As stromal cells, endothelial cells can recruit immune cells to the infected site. We determined that ligand pairs associated with lymphocyte recruitment varied significantly across samples. Spp1–integrins/Cd44 were present only in the 6-month samples, and Cxcl4–Cxcr3 and Entpd–Adora2a were present only in the 3-month samples, while Cxcl16–Cxcr6 expression gradually decreased between T cells and endothelial cells as infection progressed ( Figure 6B ). We observed that the intercellular signal communication of endothelial cells became stronger with infection time. Endothelial cells are critical during angiogenesis. Notably, we found that the angiogenesis-related receptors on the endothelial cells interacted closely with the corresponding receptors on the SPP1⁺ macrophages, which were characterized by high Vegfa–Vegfr1/Vegfr2 expression ( Figure 6C ). However, as mentioned above, the SPP1⁺ macrophages appeared only almost in the 6-month samples. This finding indicated that interaction between endothelial cells and SPP1⁺ macrophages was of great importance for angiogenesis in late-stage E. granulosus infection.
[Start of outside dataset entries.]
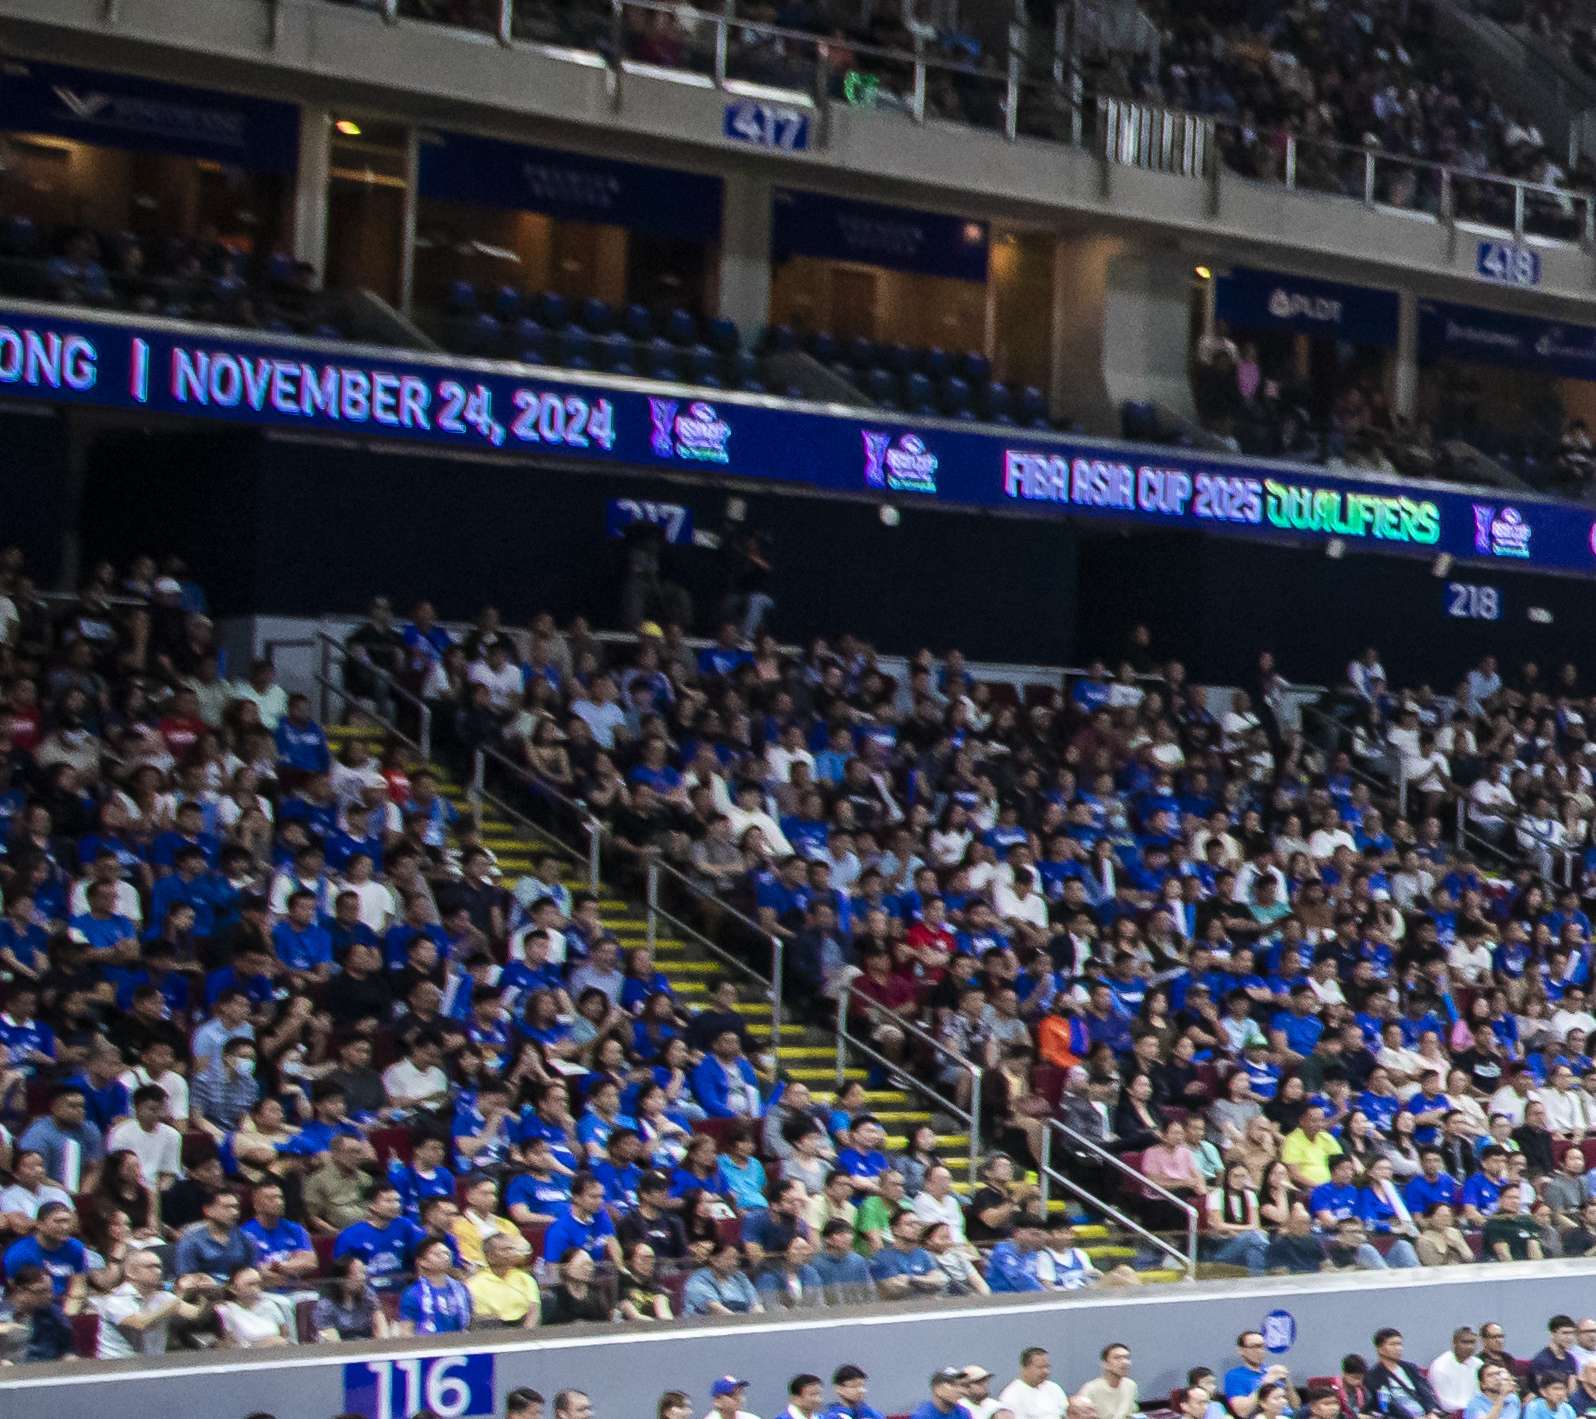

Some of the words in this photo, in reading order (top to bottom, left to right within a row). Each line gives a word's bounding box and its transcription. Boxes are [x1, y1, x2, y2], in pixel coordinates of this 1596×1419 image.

[1480, 245, 1539, 285] 418
[172, 346, 432, 431] NOVEMBER
[437, 382, 505, 446] 24,
[513, 386, 617, 452] 2024
[1003, 450, 1070, 505] FIBA
[1072, 458, 1135, 510] ASIA
[1136, 465, 1192, 517] CUP
[1193, 473, 1264, 525] 2025
[1264, 478, 1442, 548] QUALIFIERS
[1447, 583, 1500, 620] 218
[369, 1358, 472, 1419] 116
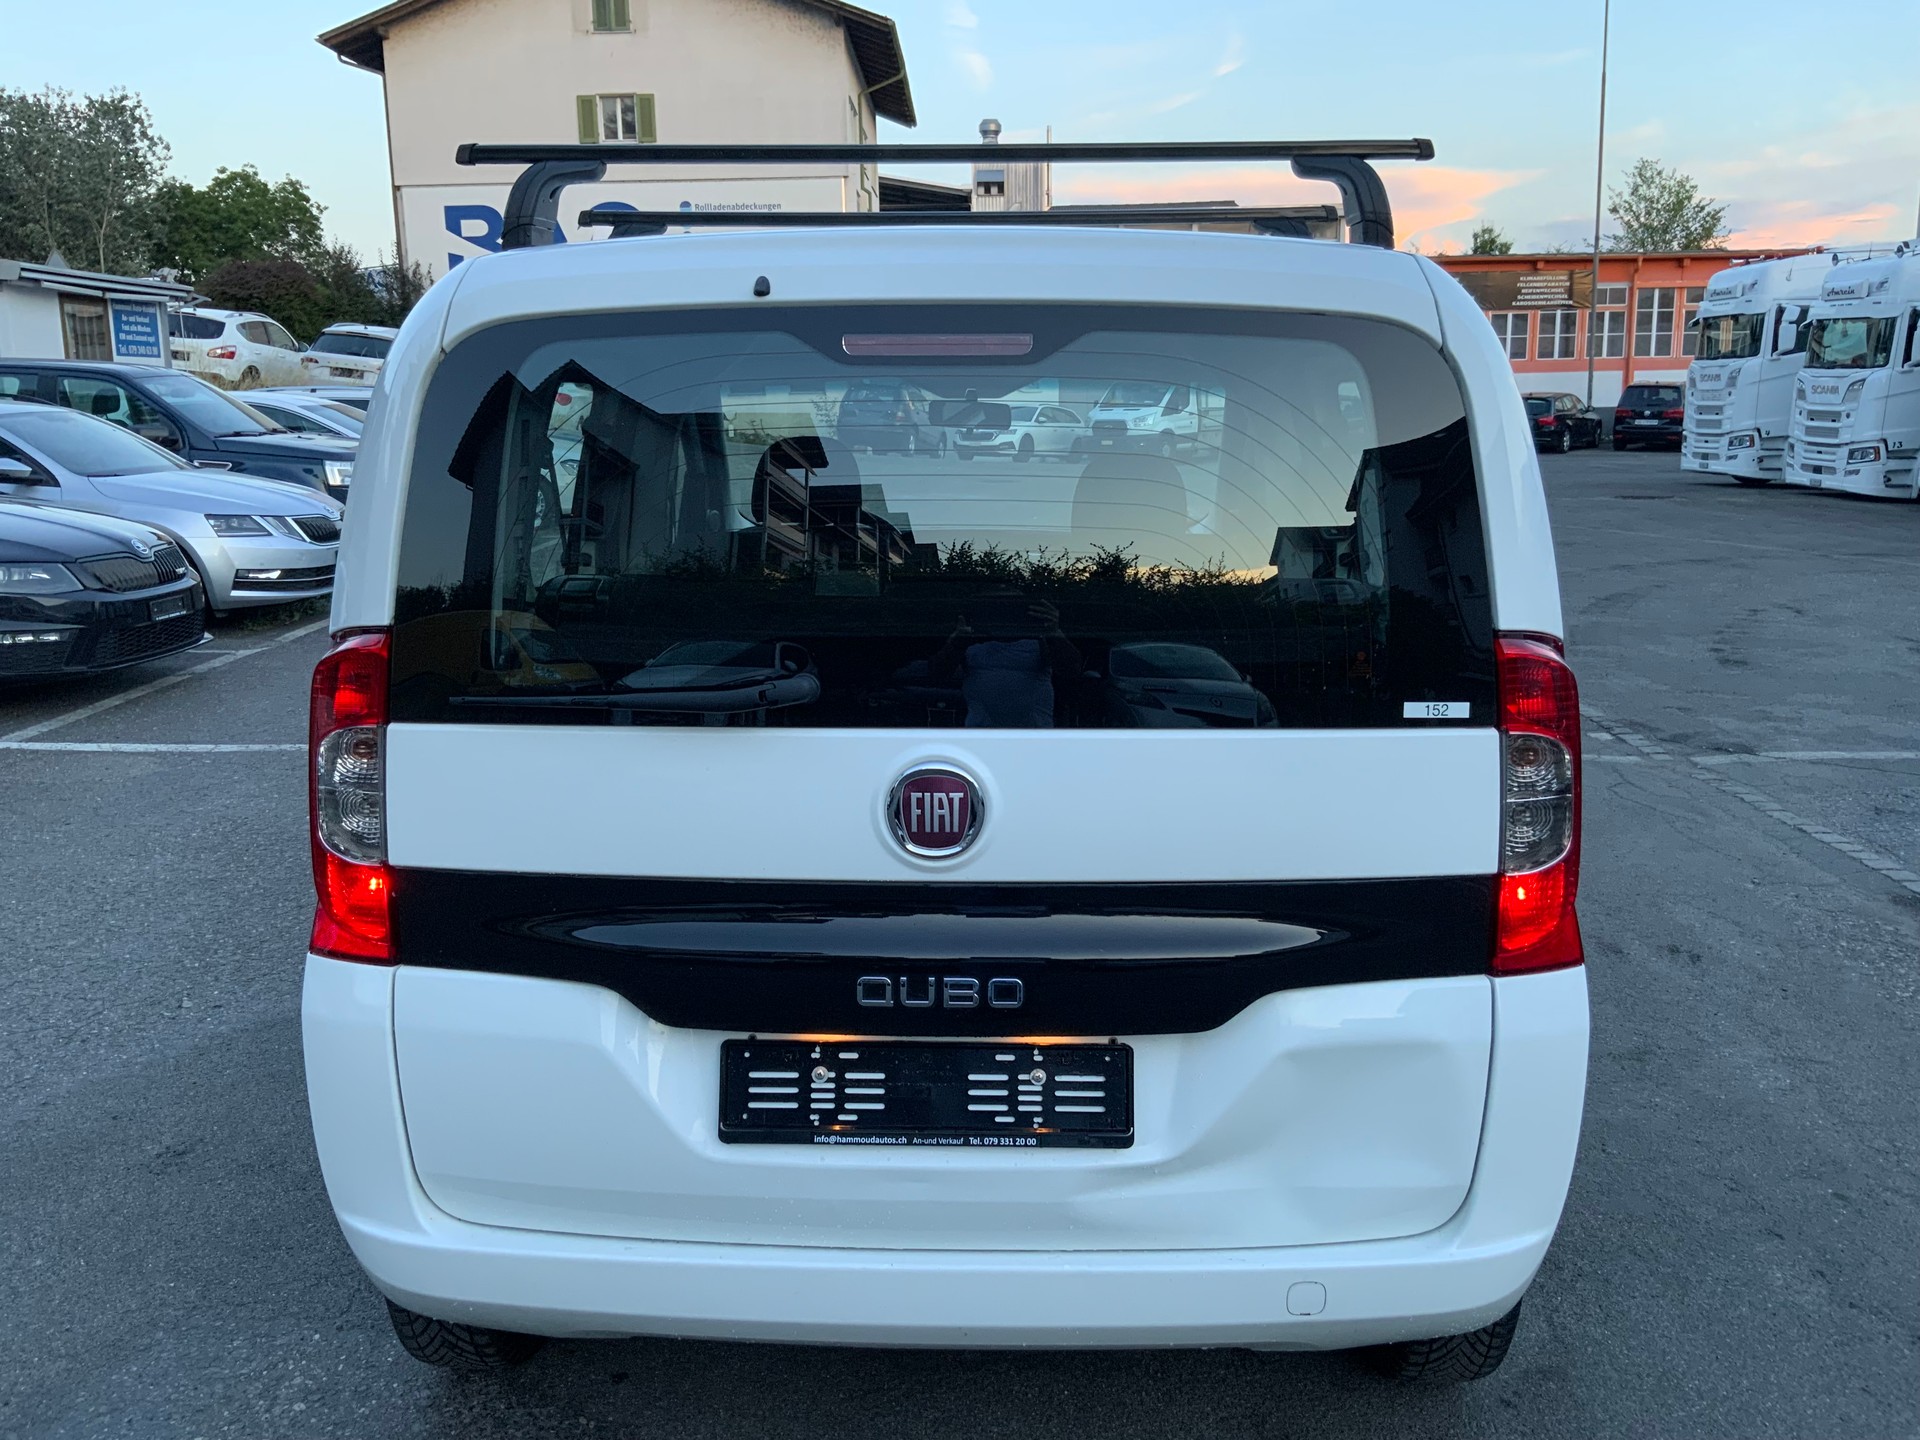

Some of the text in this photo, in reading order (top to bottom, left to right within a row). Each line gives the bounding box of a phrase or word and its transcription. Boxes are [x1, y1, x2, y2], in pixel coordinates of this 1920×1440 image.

[694, 203, 782, 212] Rollladenabdeckungen
[1811, 384, 1840, 395] SCANIA
[1425, 704, 1449, 716] 152
[910, 792, 964, 833] FIAT
[856, 976, 1024, 1008] QUBO
[813, 1135, 907, 1145] info@hammoudautos.ch
[938, 1137, 964, 1145] Verkauf
[968, 1137, 983, 1145] Tel.
[983, 1137, 998, 1146] 079
[999, 1137, 1014, 1146] 331
[1015, 1137, 1026, 1146] 20
[1026, 1138, 1037, 1146] 00
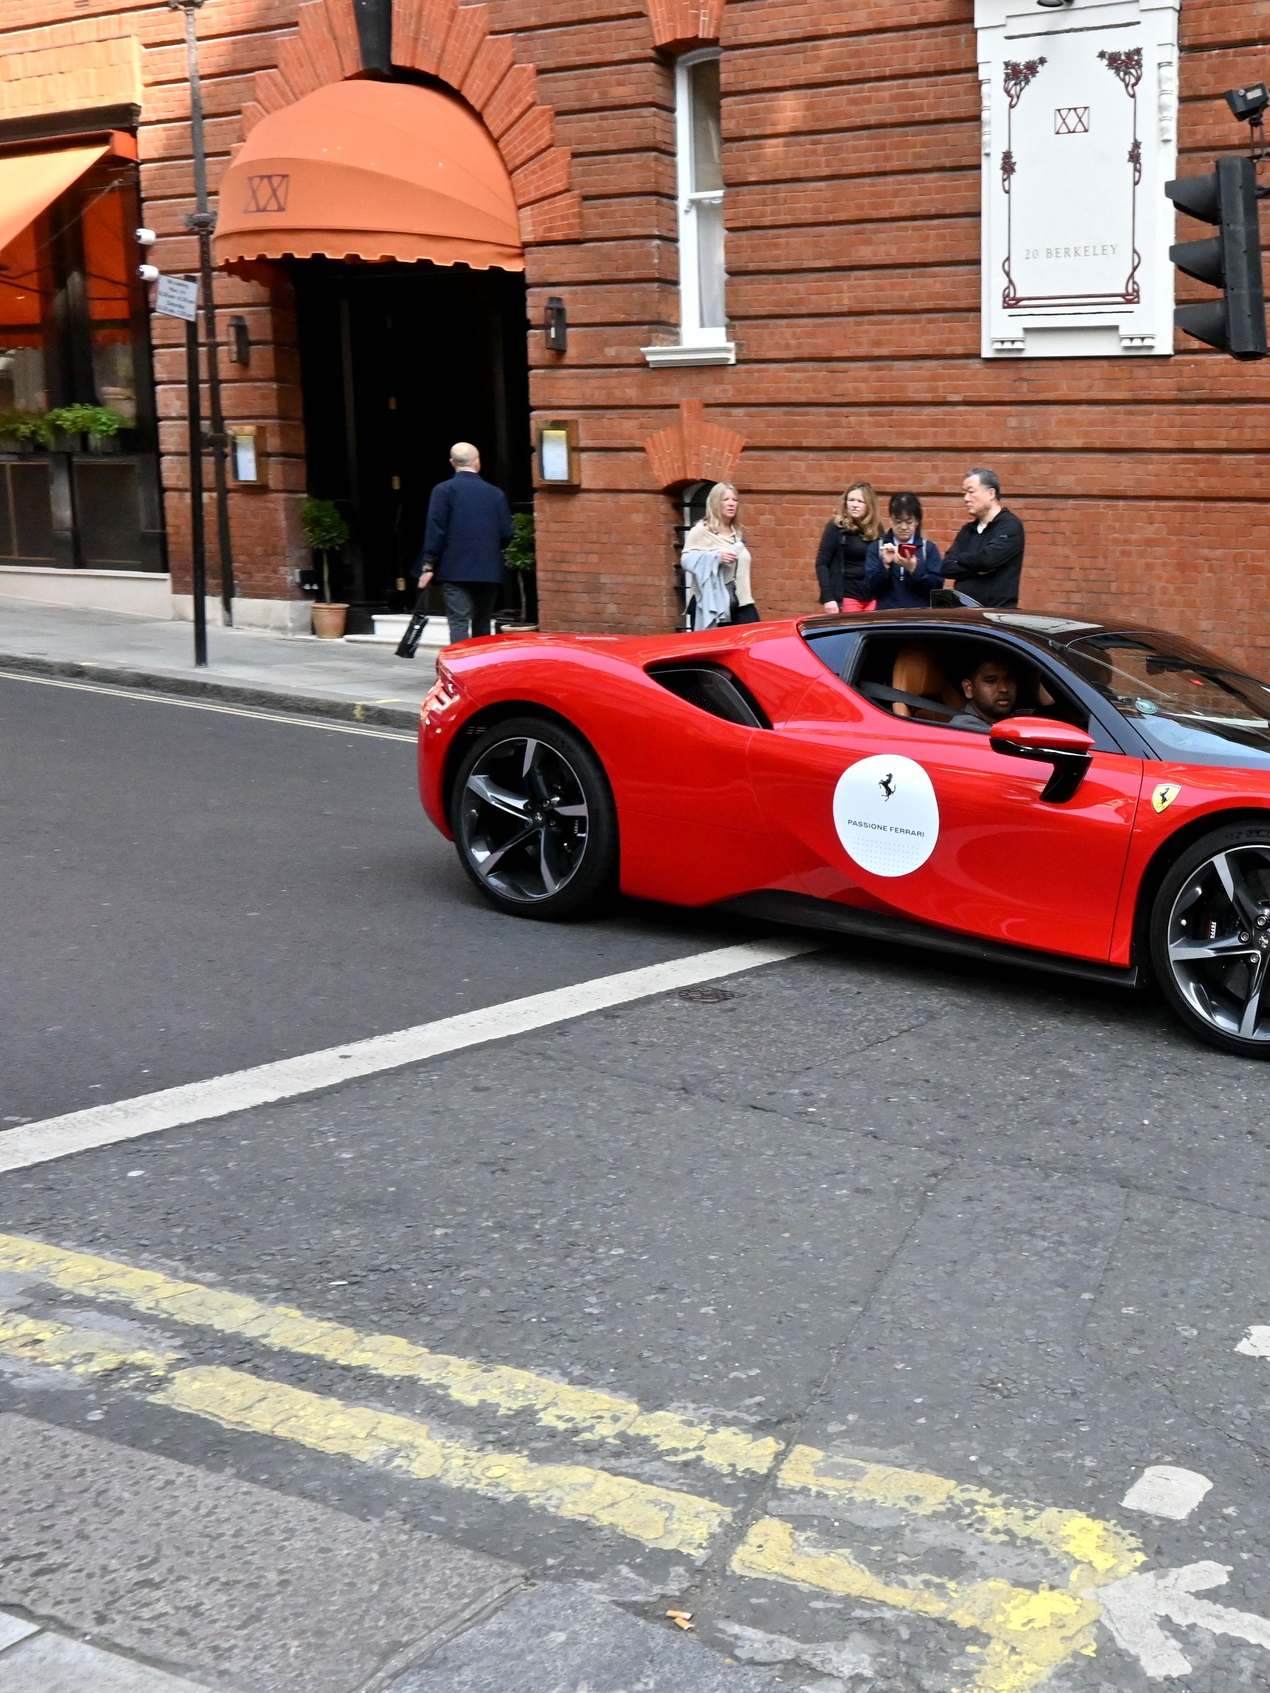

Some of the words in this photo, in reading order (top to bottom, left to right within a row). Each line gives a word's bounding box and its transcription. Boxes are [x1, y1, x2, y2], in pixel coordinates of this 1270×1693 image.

[1025, 249, 1039, 260] 20
[1046, 244, 1119, 259] BERKELEY
[847, 819, 888, 832] PASSIONE
[889, 826, 925, 838] FERRARI
To explore the contribution of SPP1⁺ macrophages to the immune regulation in the 6-month samples, we compared the attraction strengths of ligand–receptor pairs from SPP1⁺ and C1QC⁺ macrophages separately for interaction with other immune cells. We not only determined that many ligand–receptor pairs existed only in the interaction of SPP1⁺ macrophages with other immune cells, among which were ligand– receptor pairs acting on SPP1⁺ macrophages, such as Thy–integrins, Mif–Ackr3, and Ccl5–Ccr1, but also that the SPP1⁺ macrophages acted on other immune cells, such as Spp1–receptors and Fn1–receptors ( Figure 6D ). These specific ligand–receptor pairs might be relevant for interaction SPP1⁺ macrophages with other immune cells to exert immune functions.